I generally walk to school to pick them up, but there's been a few times this year that I've been unavaliable so DH has WFH and my y4 and y6 have walked all 300m and crossed one suburban estate "main" road together and let themselves in to a house with a parent.
Most y6s are now walking themselves or walking at their own pace while parents collect younger siblings. Some start from y5.
In 5 months DS1 will be a mile's walk from the bus stop and 3 miles bus from school. Depending on how his confidence is (he has ASD and it's confidence rather than ability) he may need me to do that walk with him and that might mean DS2 having to walk himself to/ from school in y5 as his journey is safer than DS1's. I'm happy with his road sense and we regularly discuss the safe crossing points/ views. I also let him make the judgement on crossing and let him do supervised solo crossings.
In the 80s/ 90s, I lived out of catchment so was a teenager before being allowed to walk/ bus. DM was overprotective and only gave up on driving me to school when forced by a broken bone. I'd have happily have done it years earlier.
My infant school had parents come to the playground. Moving school at 7, (late 80s) the next school had children come up the drive to be collected at the road at infants and juniors.
I remember in y5 (early 90s) one girl had a key on a string like a necklace. A lot of the mums were SAHMs or worked rather part-time and were able to pick up. There was no childcare provision based at school, some children went to childminders.

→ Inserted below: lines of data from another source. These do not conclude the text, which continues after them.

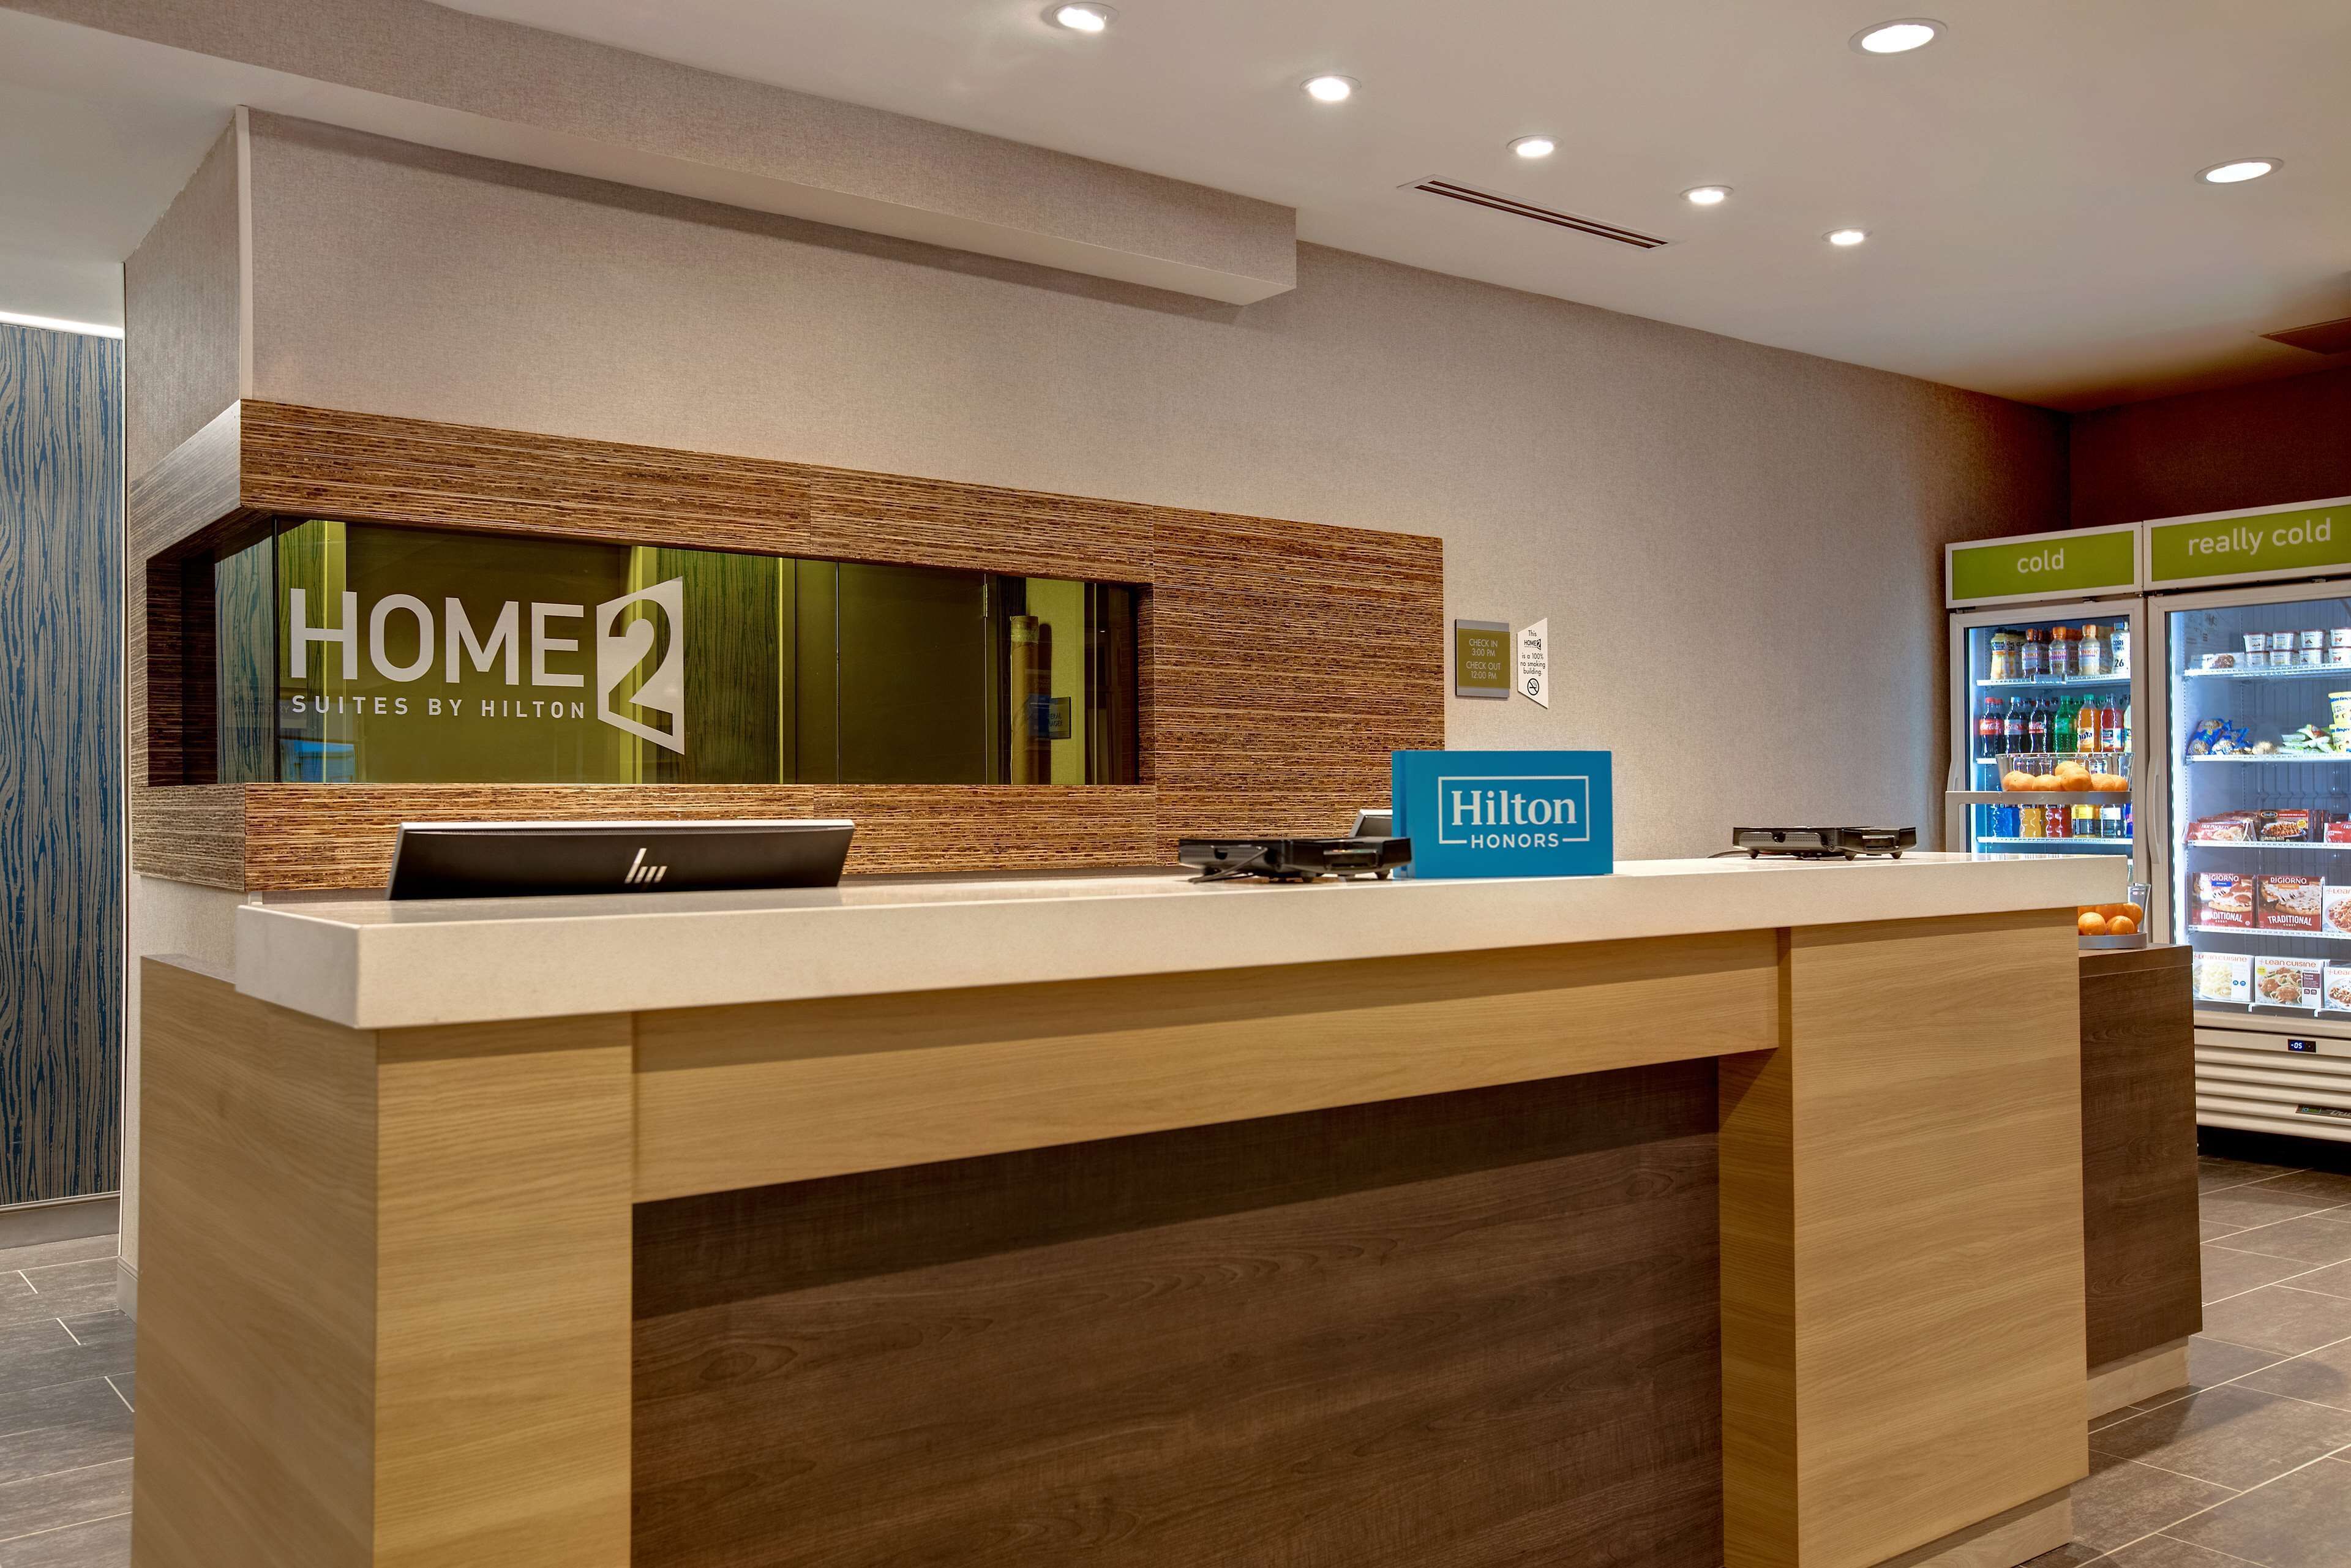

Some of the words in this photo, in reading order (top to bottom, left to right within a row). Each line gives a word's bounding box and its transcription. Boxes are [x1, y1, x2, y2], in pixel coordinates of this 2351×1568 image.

[2188, 528, 2263, 556] really
[2272, 517, 2331, 547] cold
[2017, 549, 2064, 573] cold
[1469, 638, 1490, 647] CHECK
[1472, 648, 1485, 656] 3:00
[1466, 661, 1487, 670] CHECK
[1488, 662, 1501, 670] OUT
[1528, 660, 1546, 669] smoking
[2115, 659, 2124, 667] 26
[1471, 670, 1487, 679] 12:00
[1523, 667, 1543, 677] building.
[292, 695, 408, 715] SUITES
[429, 698, 463, 716] BY
[482, 700, 584, 719] HILTON
[1451, 790, 1577, 826] Hilton
[1471, 833, 1559, 849] HONORS
[2201, 910, 2243, 923] ADITIONAL
[2267, 915, 2312, 926] TRADITIONAL
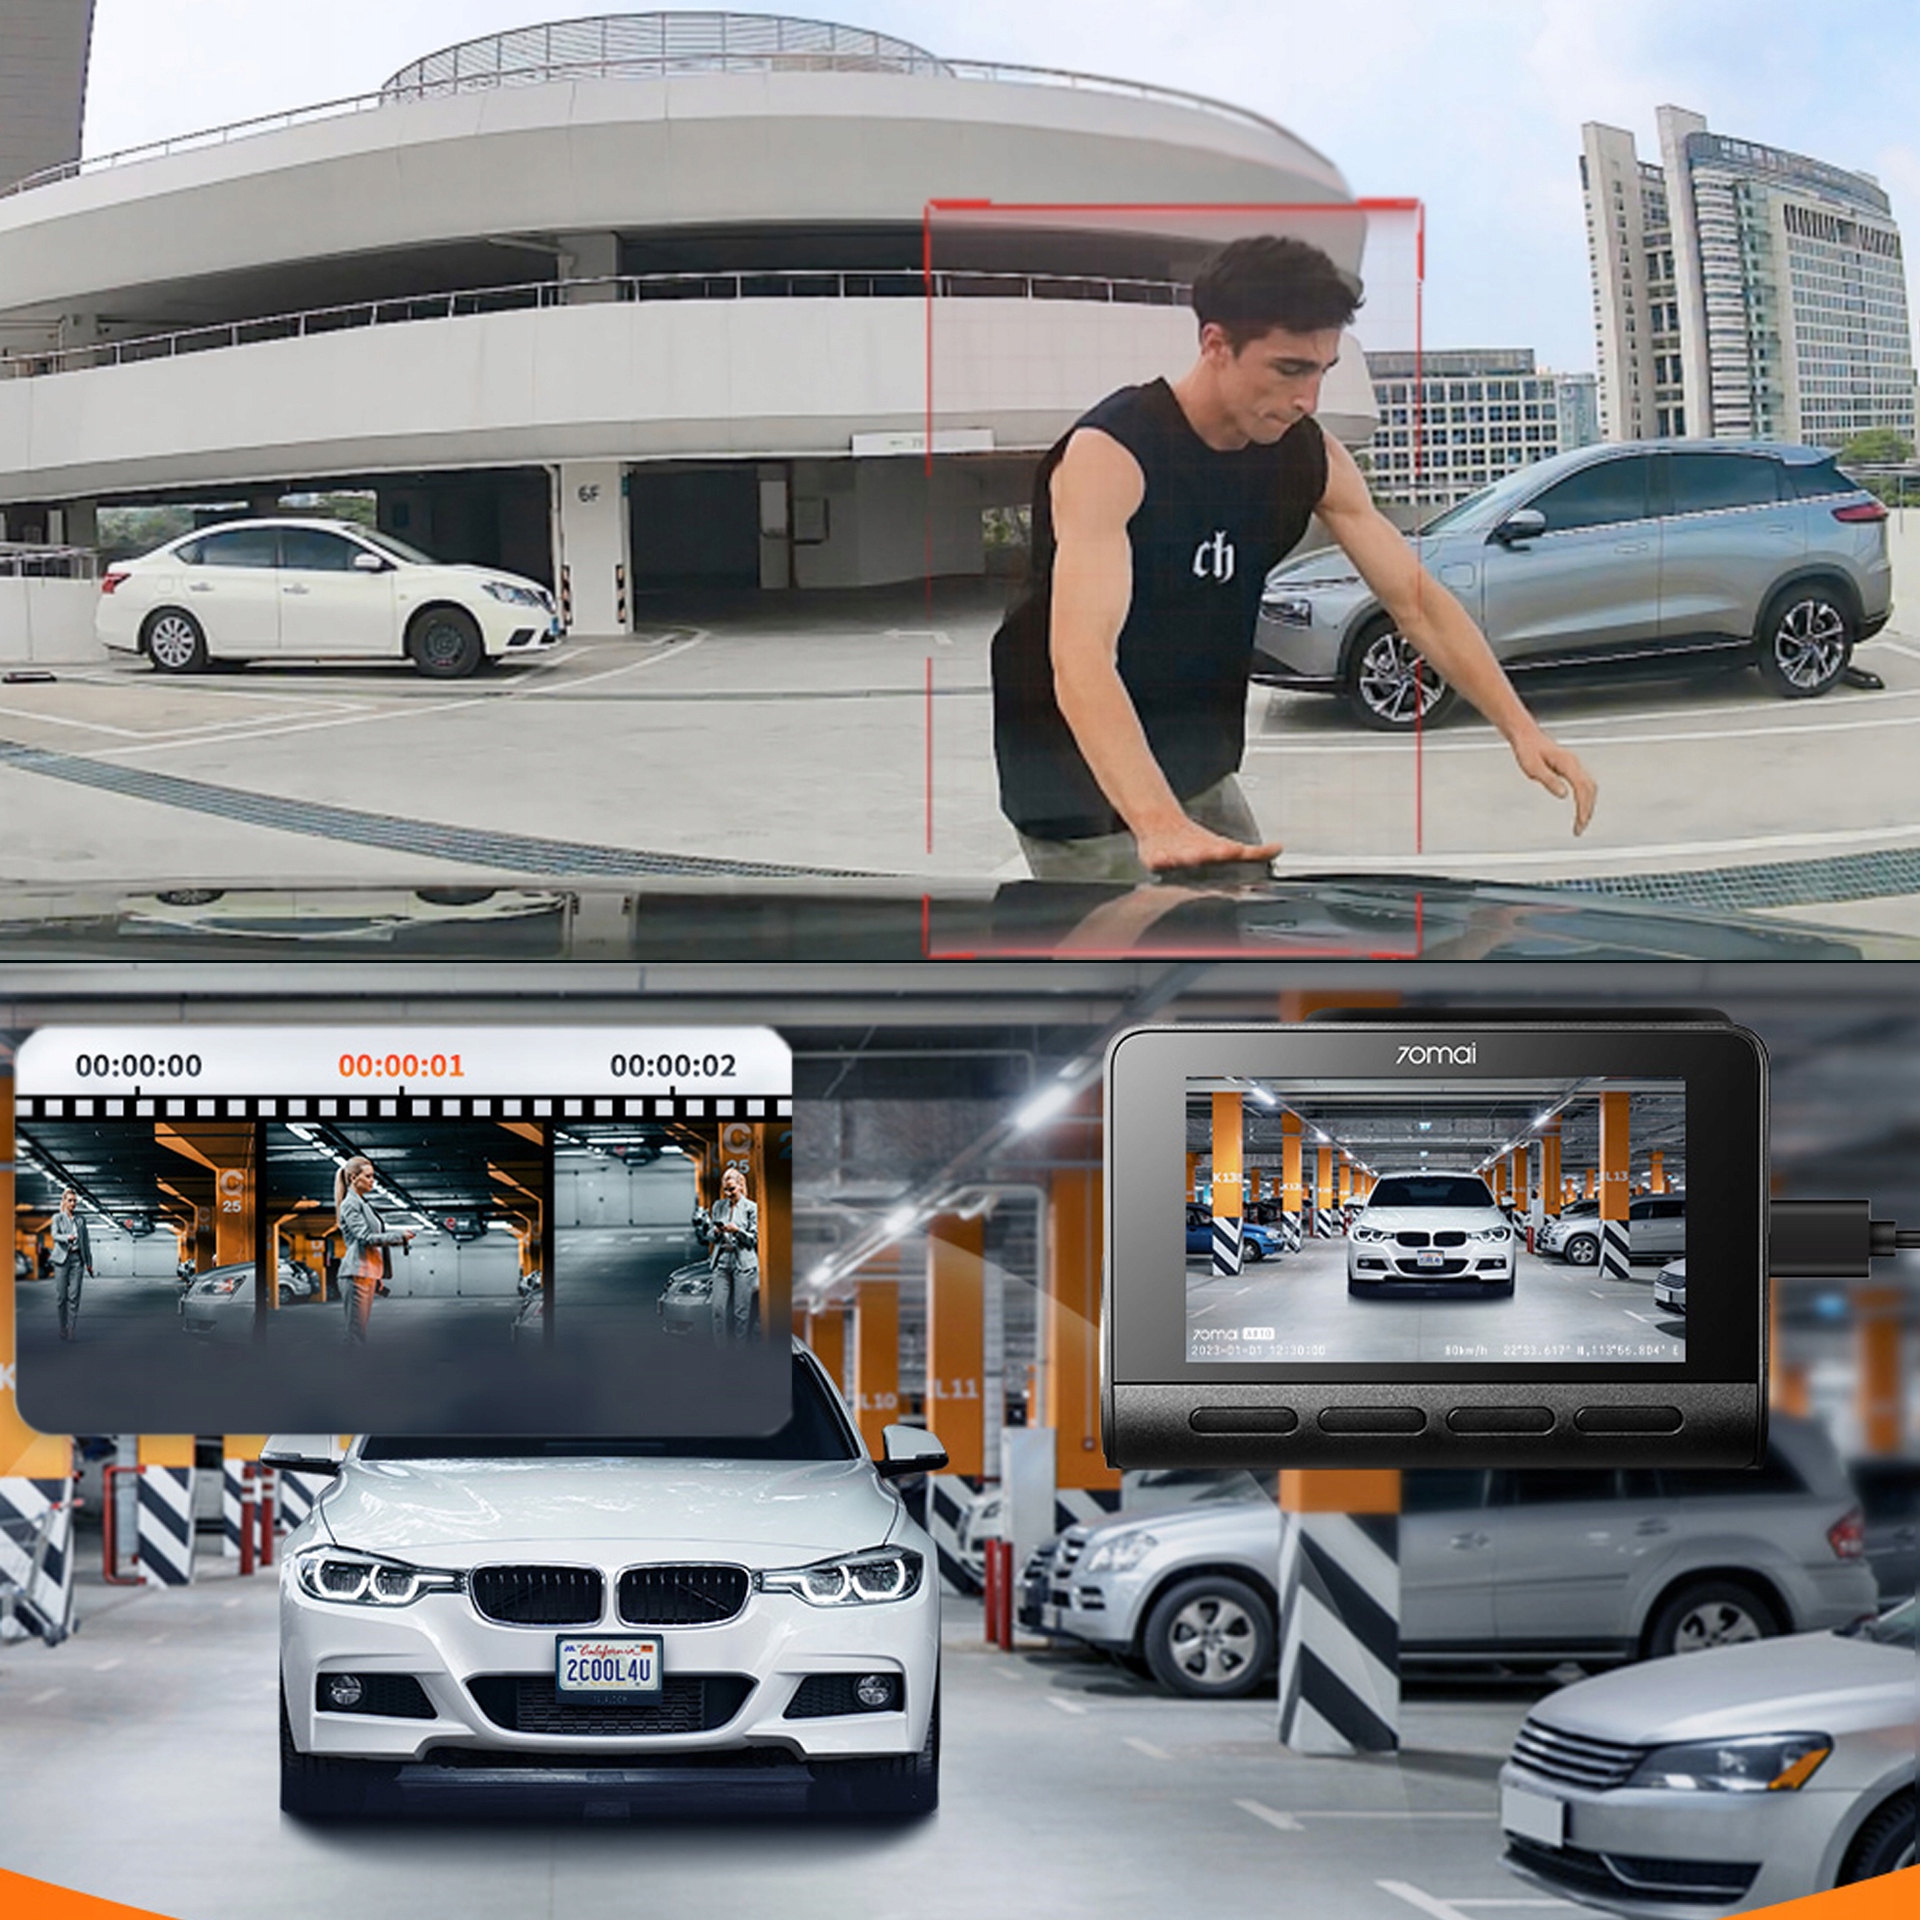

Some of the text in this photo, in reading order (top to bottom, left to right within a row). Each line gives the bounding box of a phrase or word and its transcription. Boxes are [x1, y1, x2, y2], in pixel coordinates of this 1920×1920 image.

What I'm finding tricky is the culture (or lack of) in letting children have those early tastes of independence. It's a quiet, "safe" neighbourhood and juniors years did used to play out more 10-15 years ago. A lot of children simply aren't avaliable either in childcare or formal activities. Mine are small and young looking and would look conspicuous being allowed to play out even though there are safe places on our doorstep.